▸ **WORK ITEM**:
Word for word, reproduce each line of the data below, omitting every image.

▸ **RECORD EXCERPTS**:
Content starts

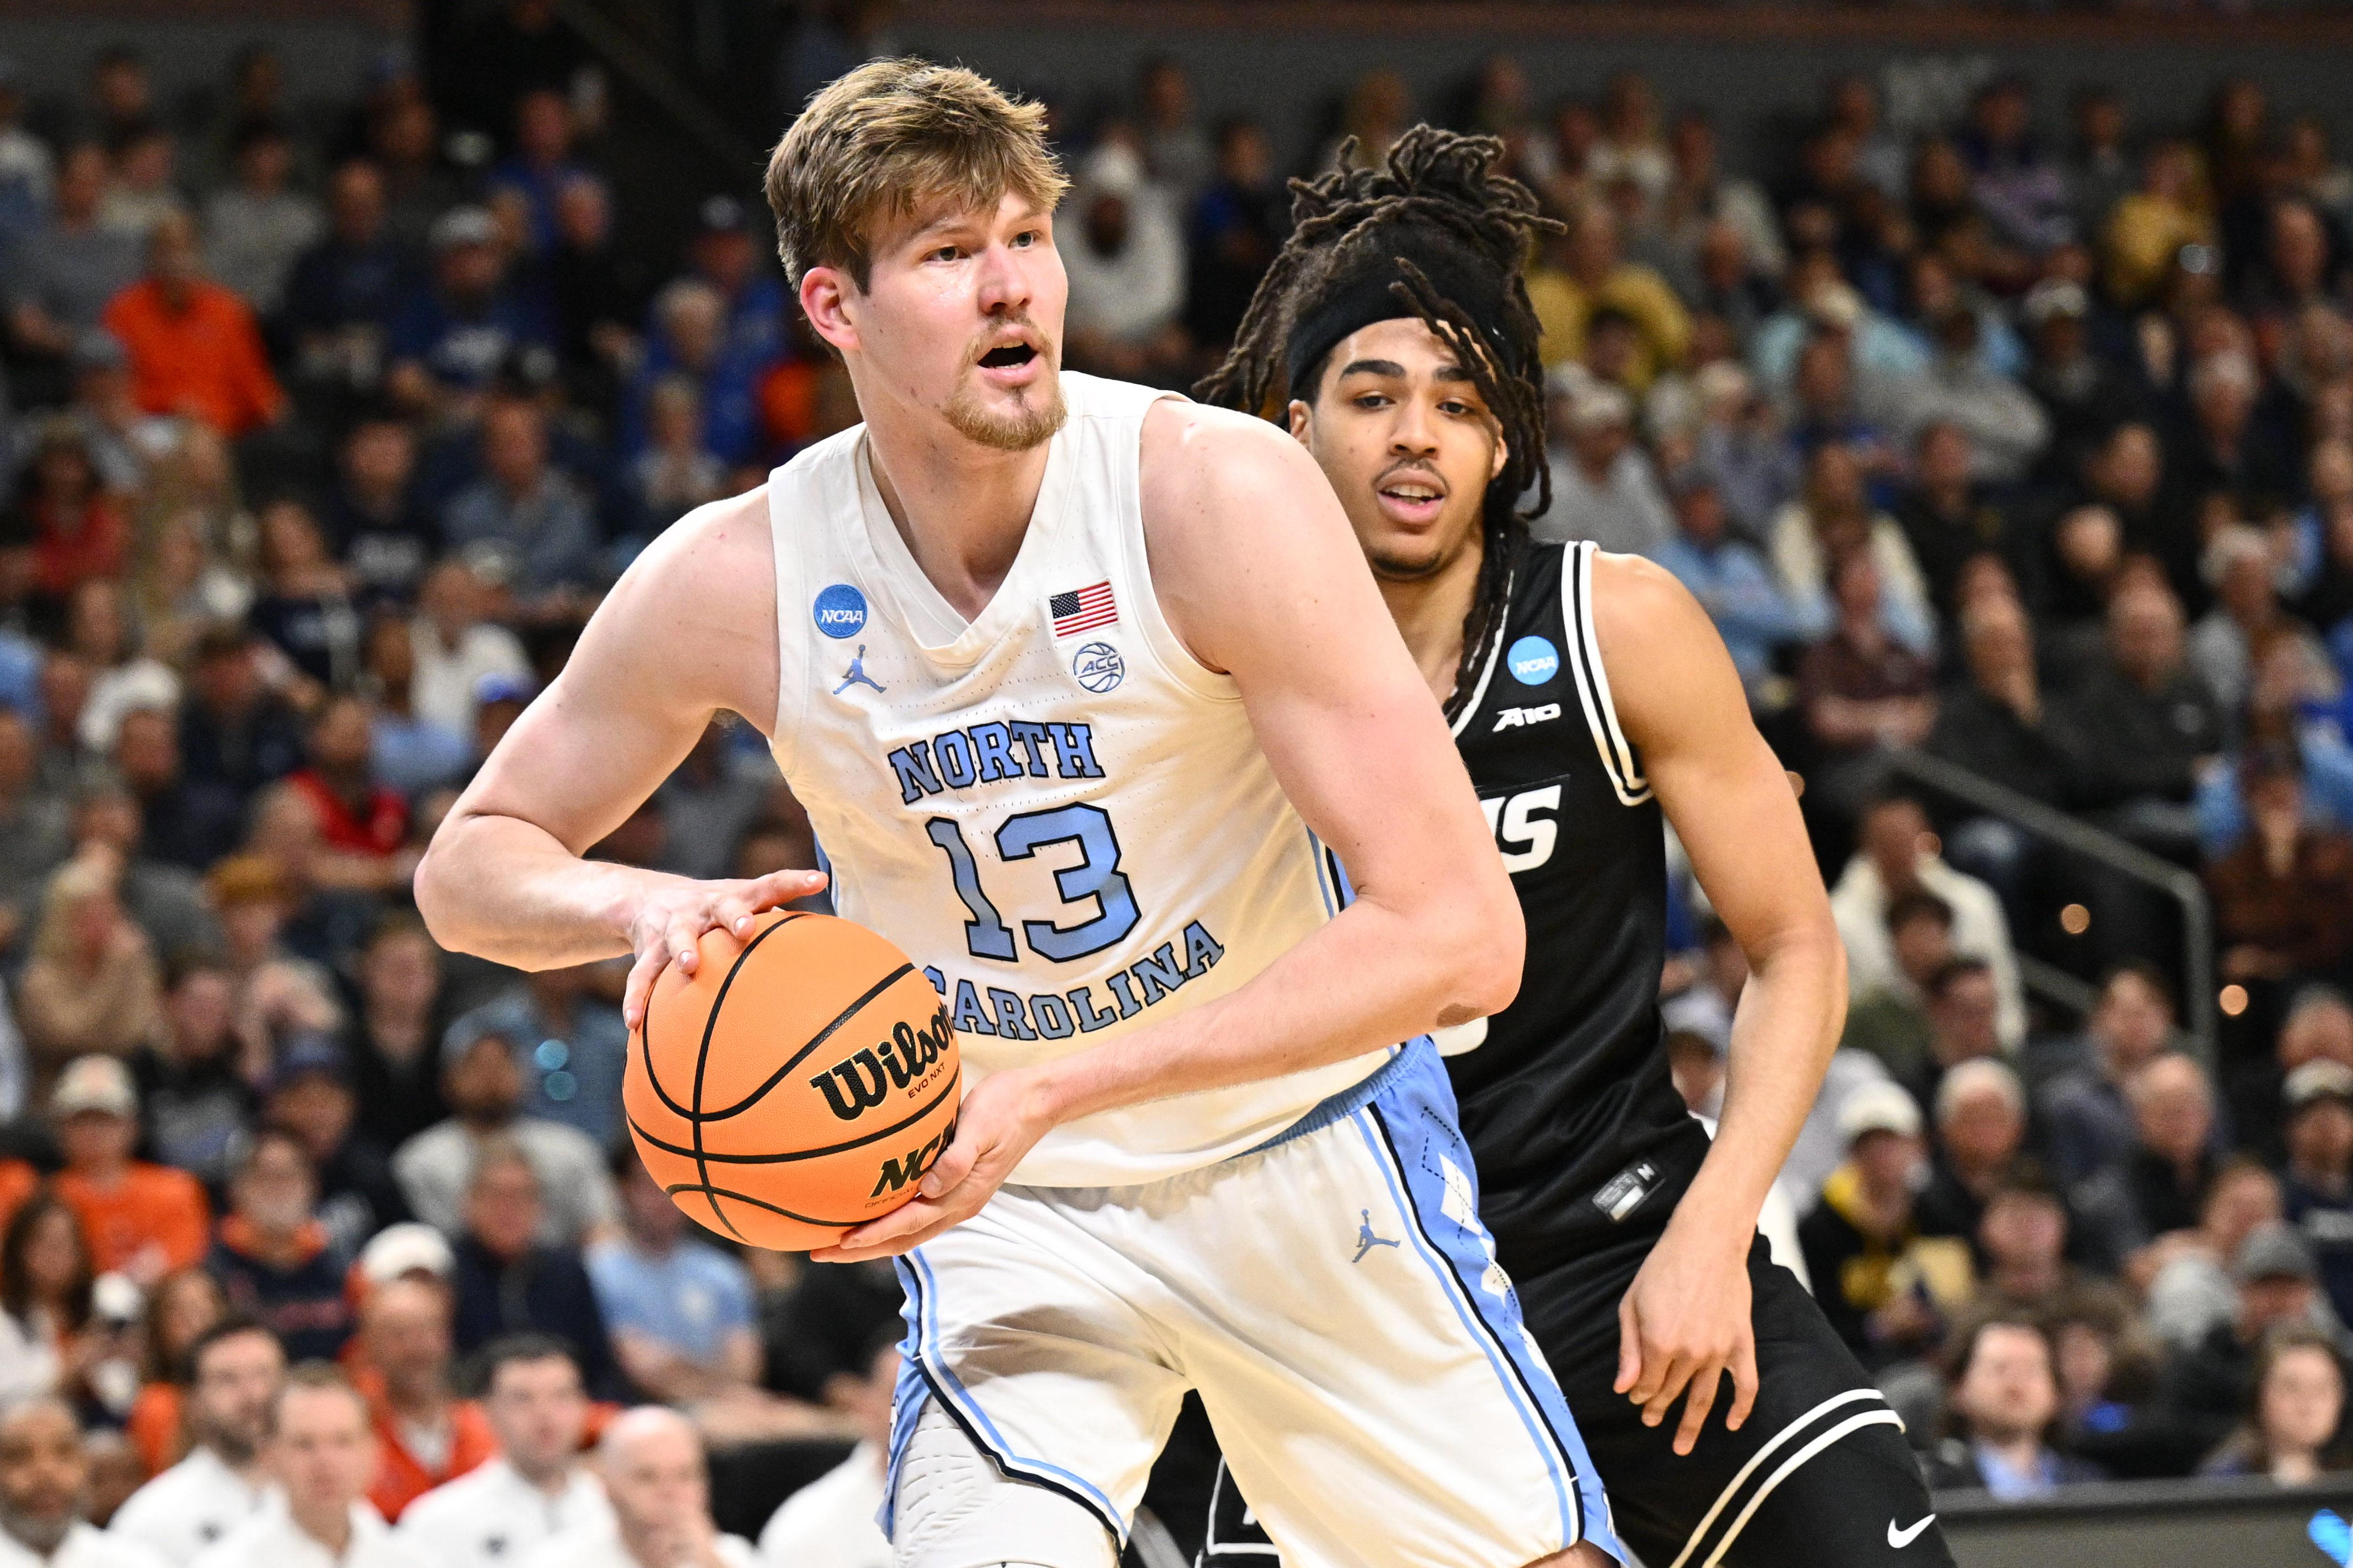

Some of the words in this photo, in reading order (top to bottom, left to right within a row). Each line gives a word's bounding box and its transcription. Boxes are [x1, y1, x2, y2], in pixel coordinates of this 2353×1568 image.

[820, 609, 864, 624] NCAA
[1081, 654, 1119, 673] ACC
[1516, 656, 1556, 675] NCAA
[1492, 703, 1561, 733] A10
[888, 720, 1105, 805] NORTH
[1480, 784, 1561, 874] S
[925, 801, 1142, 963] 13
[908, 1079, 929, 1099] EVO
[930, 1062, 946, 1081] NXT
[869, 1117, 957, 1198] NCA

Content ends

▸ **ANSWER AREA**:
Some of the words in this photo, in reading order (top to bottom, left to right within a row). Each line gives a word's bounding box and its transcription. Boxes are [x1, y1, x2, y2], in pixel coordinates of this 2353×1568 image.

[820, 609, 864, 624] NCAA
[1081, 654, 1119, 673] ACC
[1516, 656, 1556, 675] NCAA
[1492, 703, 1561, 733] A10
[888, 720, 1105, 805] NORTH
[1480, 784, 1561, 874] S
[925, 801, 1142, 963] 13
[908, 1079, 929, 1099] EVO
[930, 1062, 946, 1081] NXT
[869, 1117, 957, 1198] NCA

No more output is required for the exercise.